In his Journal, Florentine reserves a generous amount of space for describing in detail the nature of the Tower. Primarily, Florentine and his acolytes used the Tower to travel to the Chamber of the Soulstone which is situated in the Realm of Sheol. Inside the Chamber they held the ceremonies of breaking the first six Shards and Seals.

He states that "[t]he Tower is as useful as is dangerous."[1] The perilous aspect can be mainly attributed to the "gibbering madness of the Ire"[2], an ever-present entity in the Tower which relentlessly hunts and devours the souls of unwary travellers. For example, there was one instance when Florentine would send out no fewer than 22 acolytes to the Tower of which only one returned in a state equalling delusion.

A similar incident occured much later and is described in the entry of October 31, 1673. Supposedly, of six acolytes who Florentine sent to the Tower on October 28 of the same year with the purpose of hunting down the Dodger, none had returned.[3]

Later on, Florentine relates his discovery of three white feathers dropped at several tower gates whenever he travelled to the Tower.[4][5][6] He assumes that a presence other than the Dodger must be travelling through the Tower. His hypothesis is supported by the fact that one of his Yielders was driven from its assigned task as it was being attacked and "about its body were deep marks that should have been made by claws but [infact were the wounds of some blade]."[5]

In his entry of April 15, 1895, Florentine recapitulates a conversation with his confidant Belial who had disappeared three days earlier and who regretfully and angrily disclosed to him after his return that the Gardeners had infact returned to the Tower and that they were responsible for the deaths of the Urges and Yielders which Florentine had placed on each gate for safety measures. As the Gardeners would certainly complicate Florentine's efforts to travel to the Chamber of the Soulstone, he states that he has to prepare for a possible assault on the Tower.

The Gardeners Edit

Raphael is the last of the guides of the Tower, the last of its Gardeners. According to him, some of the creatures that Adam and Rebecca encounter while travelling through the Tower were once Gardeners. He also says that the Ire has transformed them into these hideous monsters and that they now function as its eyes and ears.

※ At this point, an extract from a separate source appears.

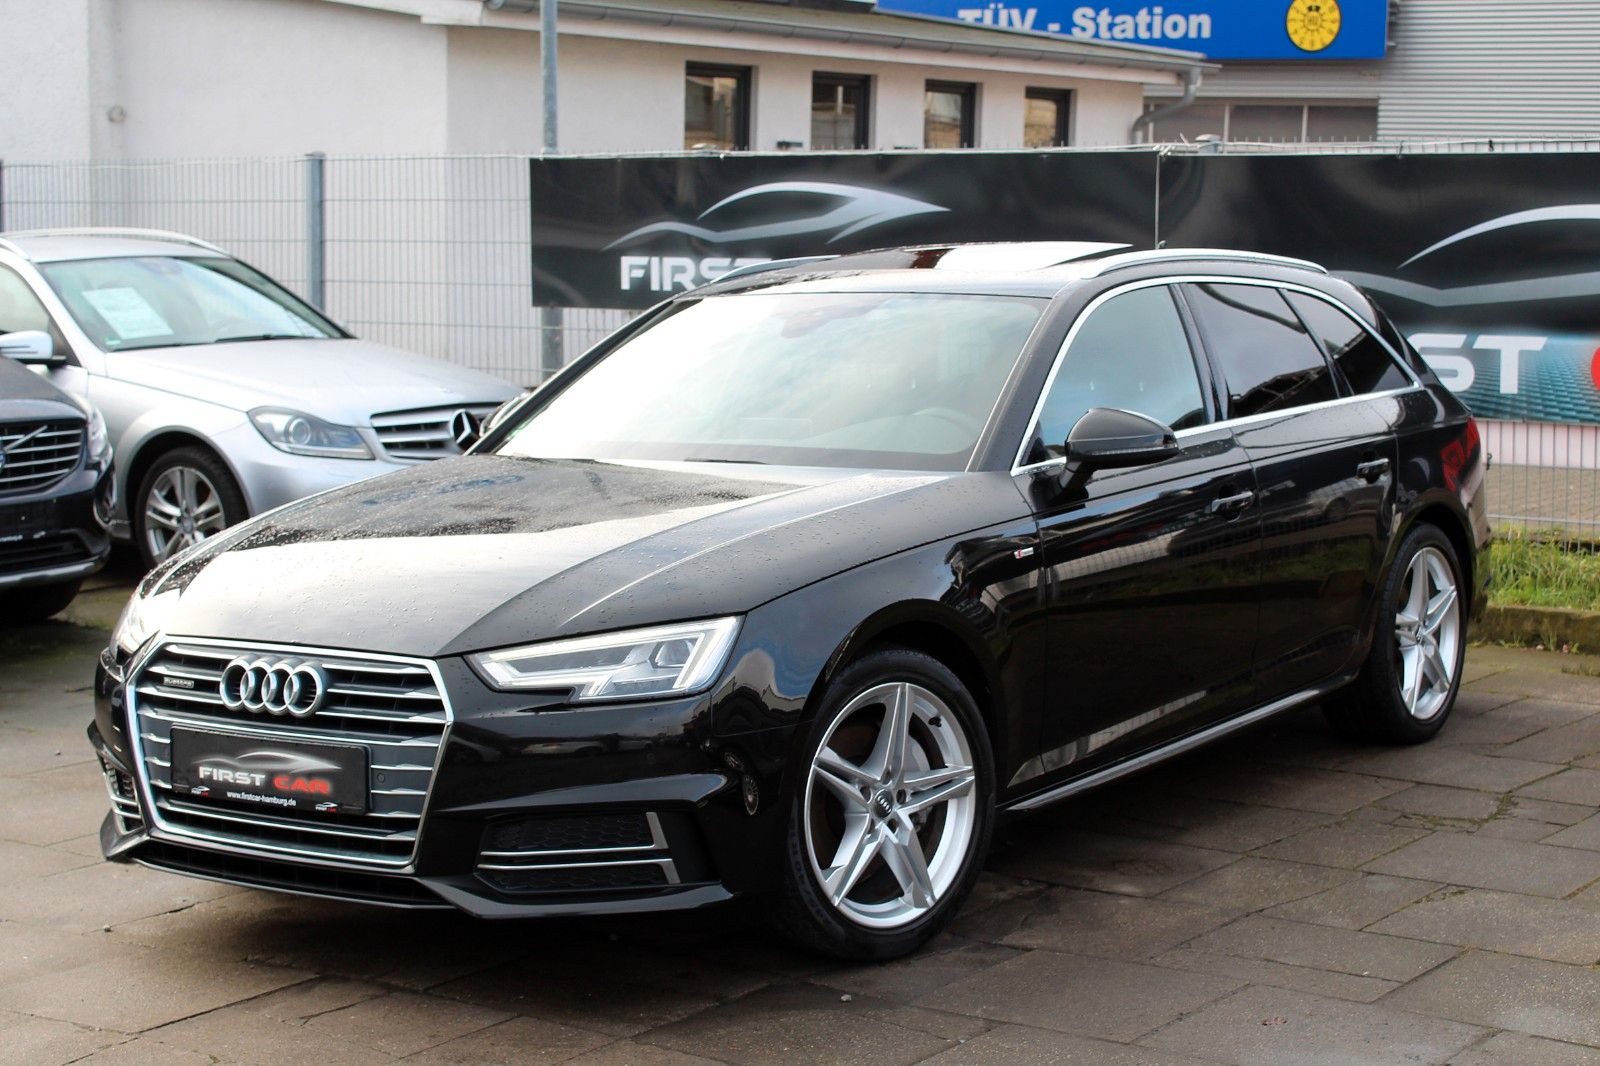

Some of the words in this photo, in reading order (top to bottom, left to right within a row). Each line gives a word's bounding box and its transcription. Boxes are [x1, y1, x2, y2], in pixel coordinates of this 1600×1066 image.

[1071, 7, 1212, 40] Station
[199, 766, 266, 786] FIRST
[273, 776, 330, 794] CAR
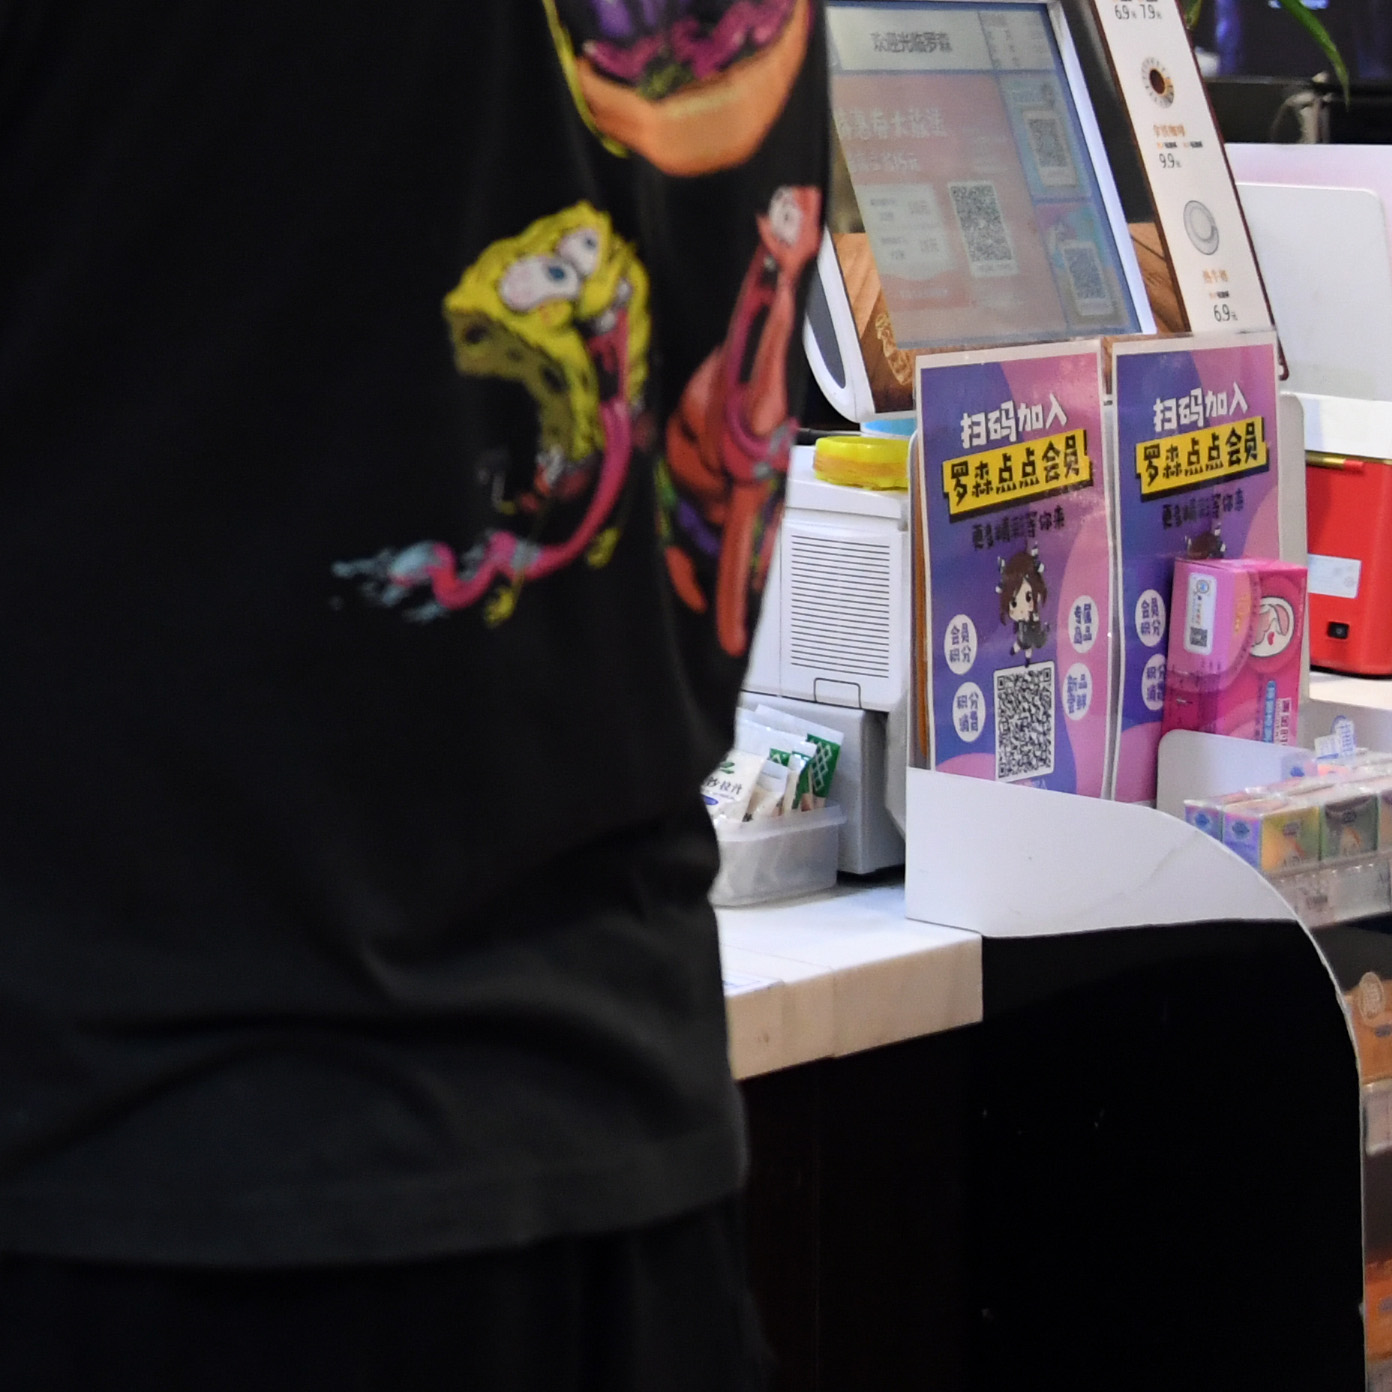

Florentine relates one of his acolyte's experience with a gardener in his journal, precisely in the entry of January 15, 1330. Said acolyte, Thomas, ostensibly encountered within the Tower someone who called himself the Gardener. Apparently, the Gardener aided Thomas "in his escape only moments before the gibbering madness of the Ire fell upon him". Florentine is sceptical about Thomas' account as his then-confidant Belial claims that "the last of the Gardeners perished at the Fall of the Stone."[2]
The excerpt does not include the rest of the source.